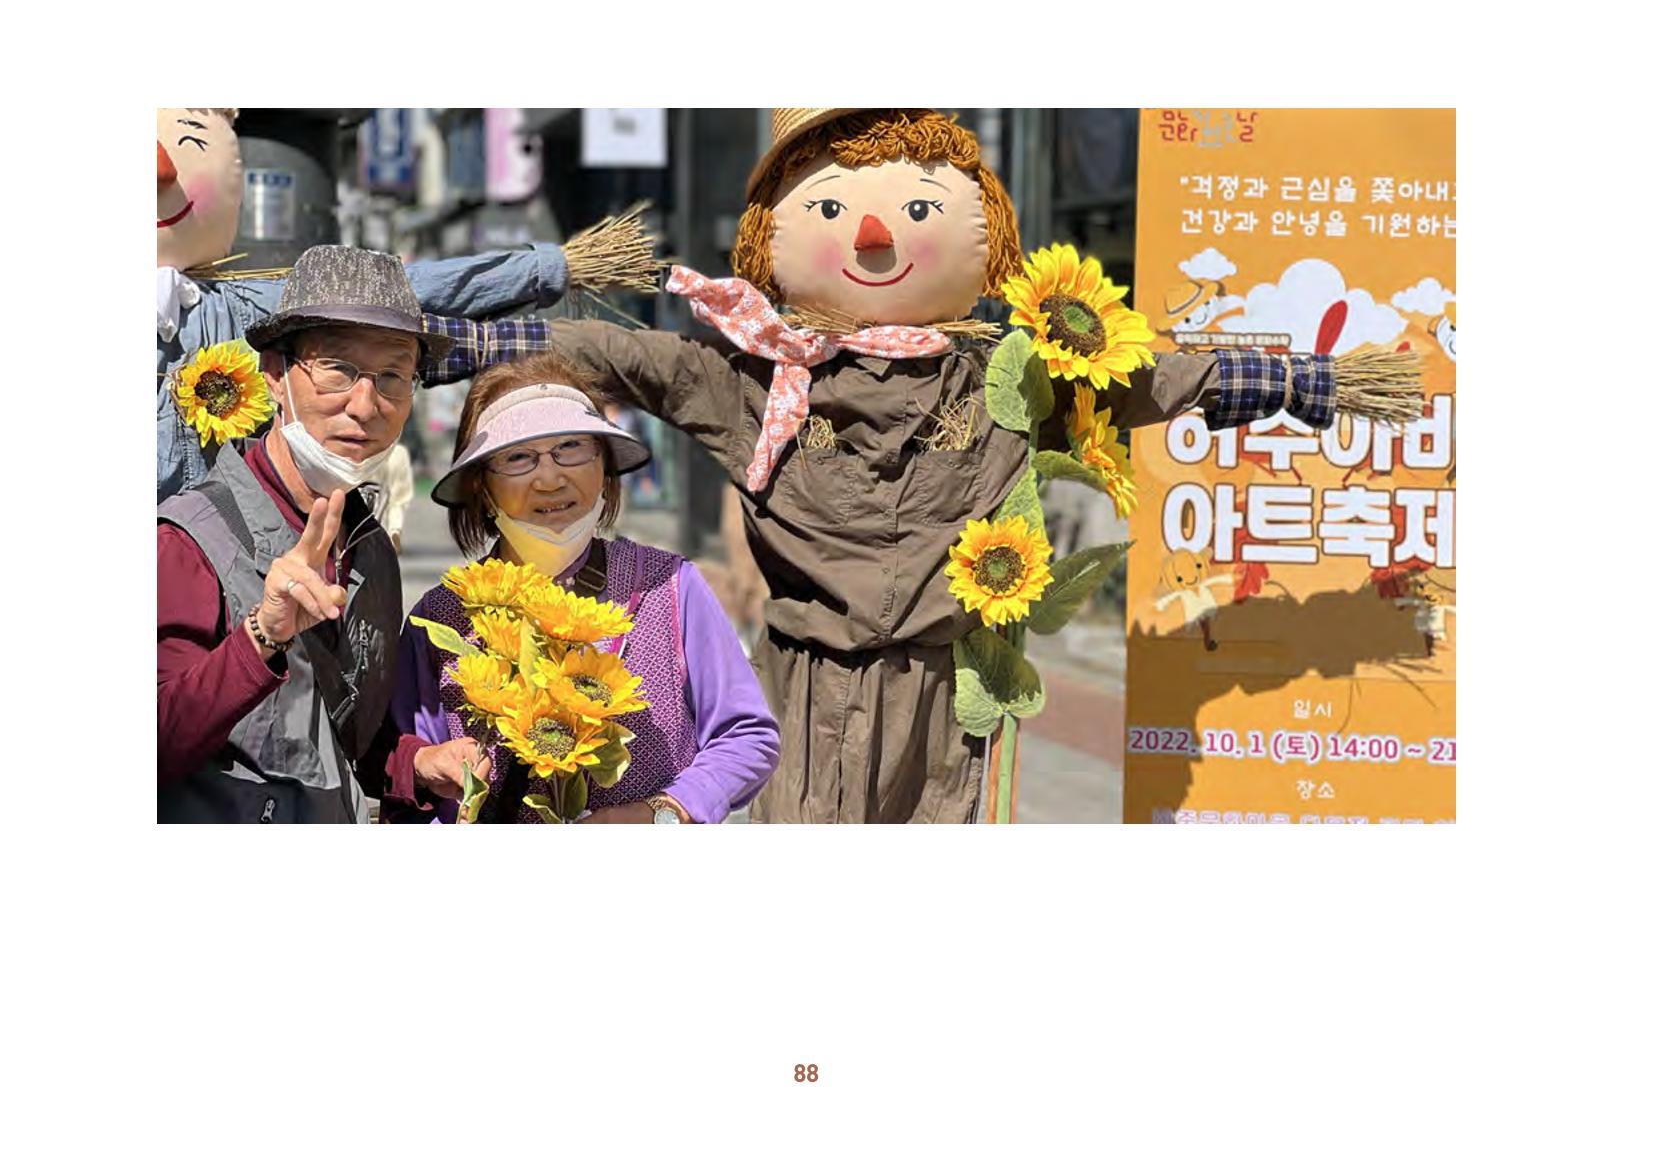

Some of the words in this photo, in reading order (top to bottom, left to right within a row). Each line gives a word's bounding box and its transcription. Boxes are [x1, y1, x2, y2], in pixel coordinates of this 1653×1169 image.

[1280, 176, 1358, 204] 근심을
[1181, 209, 1259, 235] 건강과
[1271, 209, 1347, 237] 안녕을
[1162, 483, 1457, 569] 아트축제
[1292, 699, 1333, 719] 일시
[1130, 730, 1198, 754] 2022.
[1205, 732, 1242, 755] 10.
[1251, 734, 1264, 754] 1
[1272, 732, 1320, 760] (토)
[1329, 736, 1399, 759] 14:00
[1296, 779, 1336, 800] 장소
[794, 1063, 819, 1083] 88
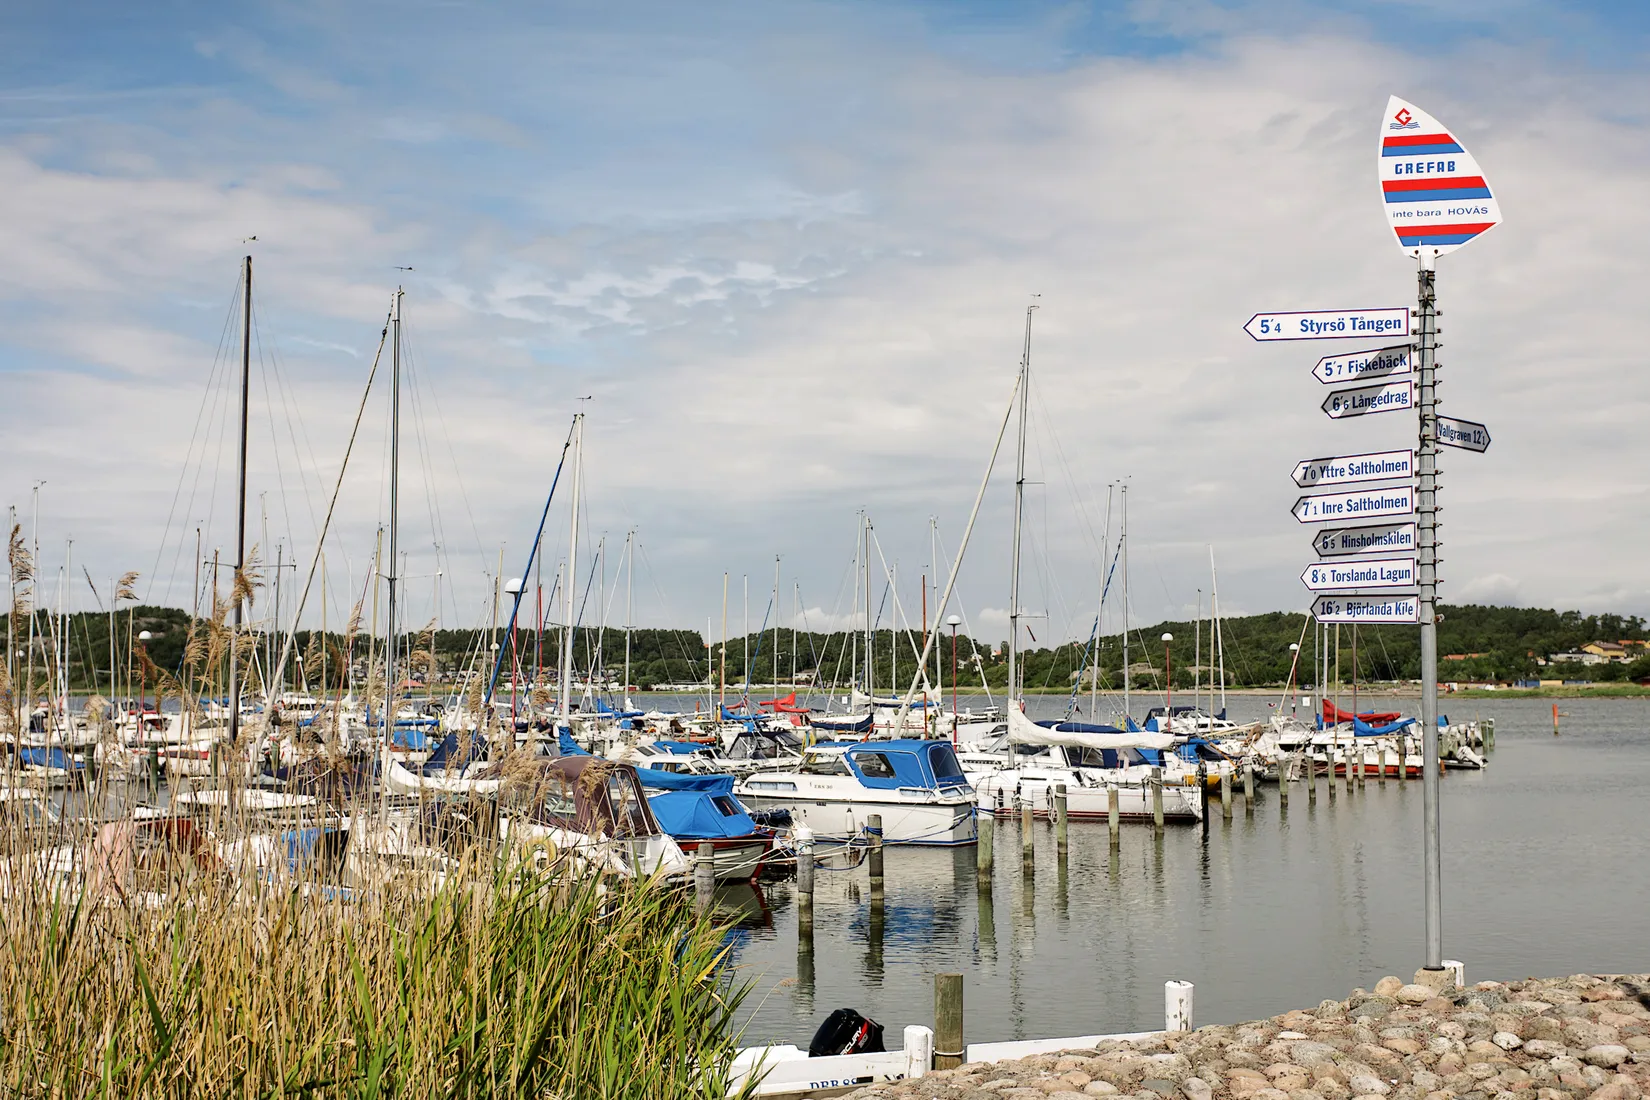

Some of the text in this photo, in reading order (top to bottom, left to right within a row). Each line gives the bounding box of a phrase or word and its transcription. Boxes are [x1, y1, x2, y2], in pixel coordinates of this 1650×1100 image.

[1394, 160, 1456, 175] GREFAB
[1392, 205, 1488, 218] inte bara HOVÅS
[1300, 318, 1345, 335] Styrsö
[1350, 316, 1402, 333] Tången
[1348, 353, 1407, 374] Fiskebäck
[1351, 389, 1408, 409] Långedrag
[1438, 422, 1472, 442] Vallgraven
[1319, 463, 1346, 479] Yttre
[1348, 459, 1408, 476] Saltholmen
[1322, 500, 1343, 514] Inre
[1346, 495, 1408, 513] Saltholmen
[1341, 531, 1411, 549] Hinsholmskilen
[1330, 567, 1378, 583] Torslanda
[1380, 566, 1411, 582] Lagun
[1346, 600, 1392, 618] Björlanda
[1395, 601, 1414, 616] Kile
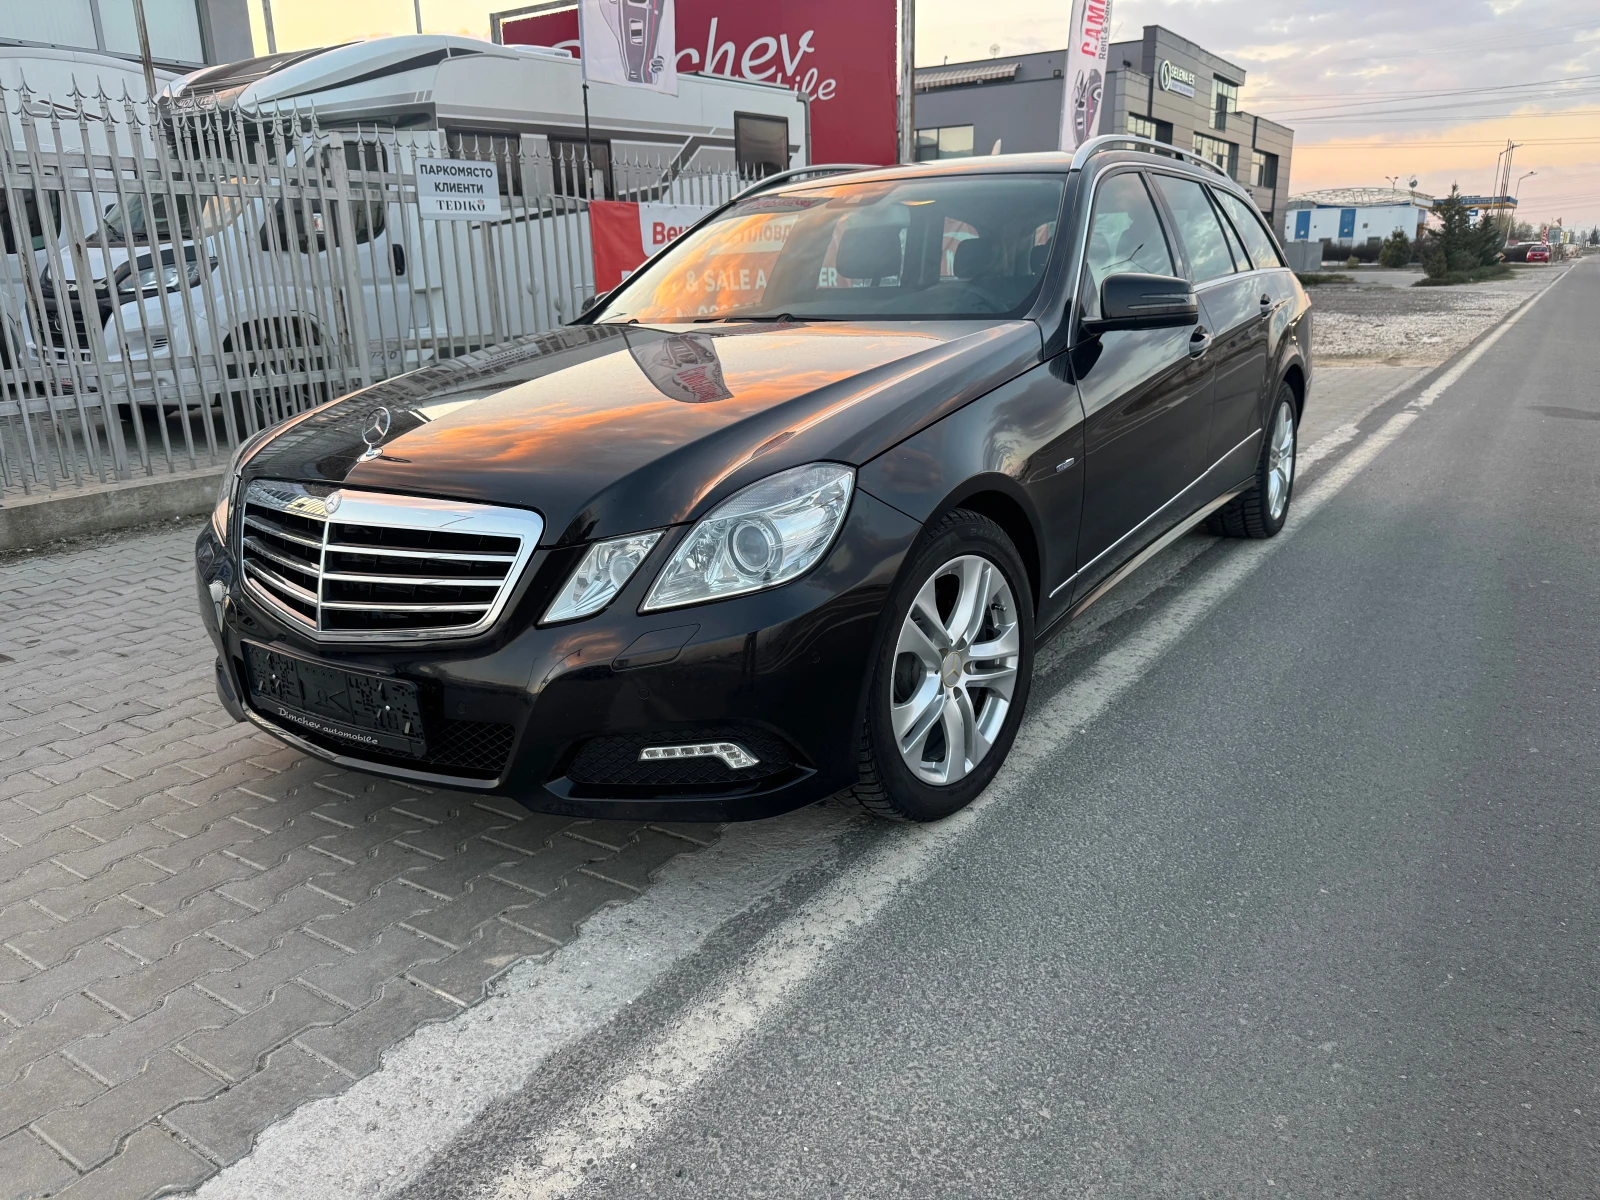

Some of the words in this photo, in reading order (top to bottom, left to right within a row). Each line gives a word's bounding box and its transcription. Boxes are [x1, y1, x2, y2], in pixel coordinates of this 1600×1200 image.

[1101, 26, 1108, 34] &
[1098, 36, 1107, 60] Rent
[420, 164, 493, 178] ПАРКОМЯСТО
[434, 182, 484, 194] КЛИЕНТИ
[686, 270, 698, 292] &
[704, 269, 750, 292] SALE
[278, 707, 320, 729] Dimchev
[322, 726, 378, 745] automobile
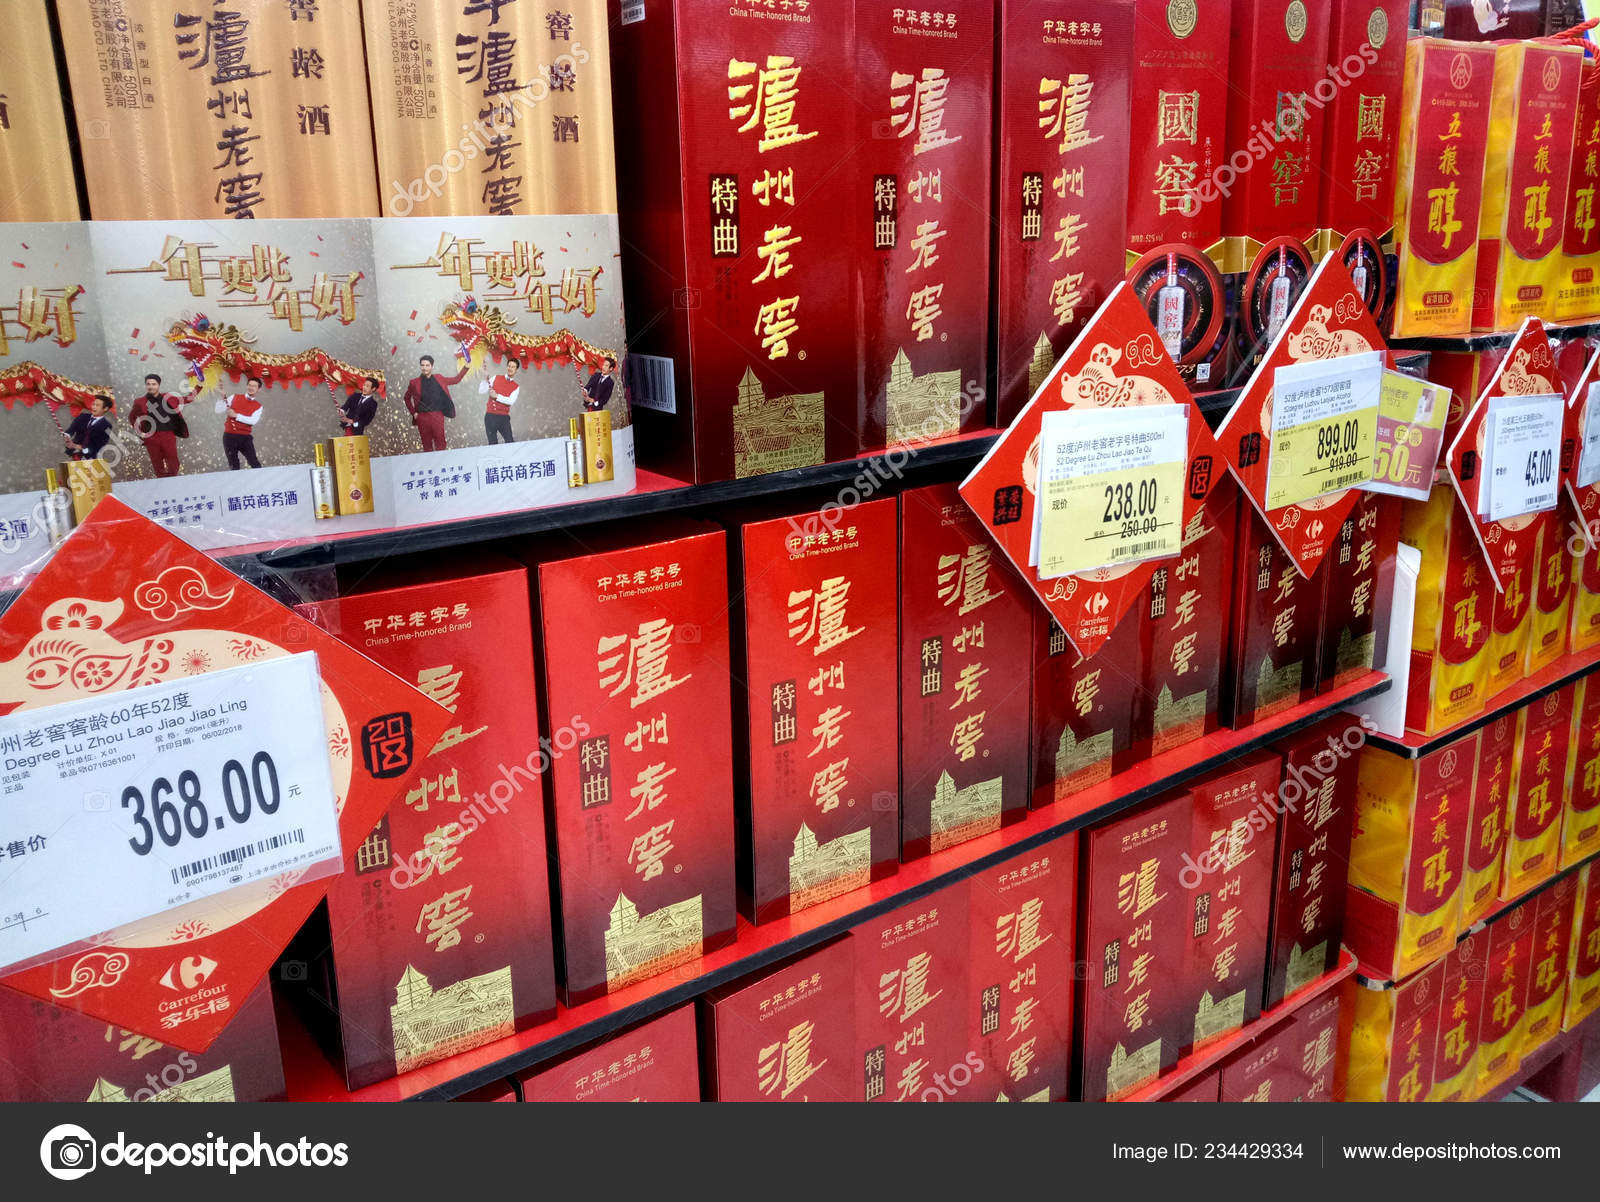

**REQUIRED WORK**
If a record above contains a picture, leave the picture out and transcribe everything else exactly.

**TASK ANSWER**
Some of the words in this photo, in reading order (top to bottom, left to right within a row). Each line gives a word's bounding box and its transcription. Boxes are [x1, y1, x2, y2], in pixel coordinates of this 1653×1169 image.

[1280, 176, 1358, 204] 근심을
[1181, 209, 1259, 235] 건강과
[1271, 209, 1347, 237] 안녕을
[1162, 483, 1457, 569] 아트축제
[1292, 699, 1333, 719] 일시
[1130, 730, 1198, 754] 2022.
[1205, 732, 1242, 755] 10.
[1251, 734, 1264, 754] 1
[1272, 732, 1320, 760] (토)
[1329, 736, 1399, 759] 14:00
[1296, 779, 1336, 800] 장소
[794, 1063, 819, 1083] 88

Some of the text in this photo, in reading order (top to bottom, left to right within a row). Each line gives the bounding box of a phrase or word and its transcription. Boxes are [x1, y1, x2, y2], in pixel coordinates of this 1650×1100 image.

[1394, 160, 1456, 175] GREFAB
[1392, 205, 1488, 218] inte bara HOVÅS
[1300, 318, 1345, 335] Styrsö
[1350, 316, 1402, 333] Tången
[1348, 353, 1407, 374] Fiskebäck
[1351, 389, 1408, 409] Långedrag
[1438, 422, 1472, 442] Vallgraven
[1319, 463, 1346, 479] Yttre
[1348, 459, 1408, 476] Saltholmen
[1322, 500, 1343, 514] Inre
[1346, 495, 1408, 513] Saltholmen
[1341, 531, 1411, 549] Hinsholmskilen
[1330, 567, 1378, 583] Torslanda
[1380, 566, 1411, 582] Lagun
[1346, 600, 1392, 618] Björlanda
[1395, 601, 1414, 616] Kile

Some of the words in this photo, in reading order (top to bottom, left to right within a row). Each line gives a word's bounding box and its transcription. Boxes are [x1, y1, x2, y2], in pixel coordinates of this 1600×1200 image.

[1101, 26, 1108, 34] &
[1098, 36, 1107, 60] Rent
[420, 164, 493, 178] ПАРКОМЯСТО
[434, 182, 484, 194] КЛИЕНТИ
[686, 270, 698, 292] &
[704, 269, 750, 292] SALE
[278, 707, 320, 729] Dimchev
[322, 726, 378, 745] automobile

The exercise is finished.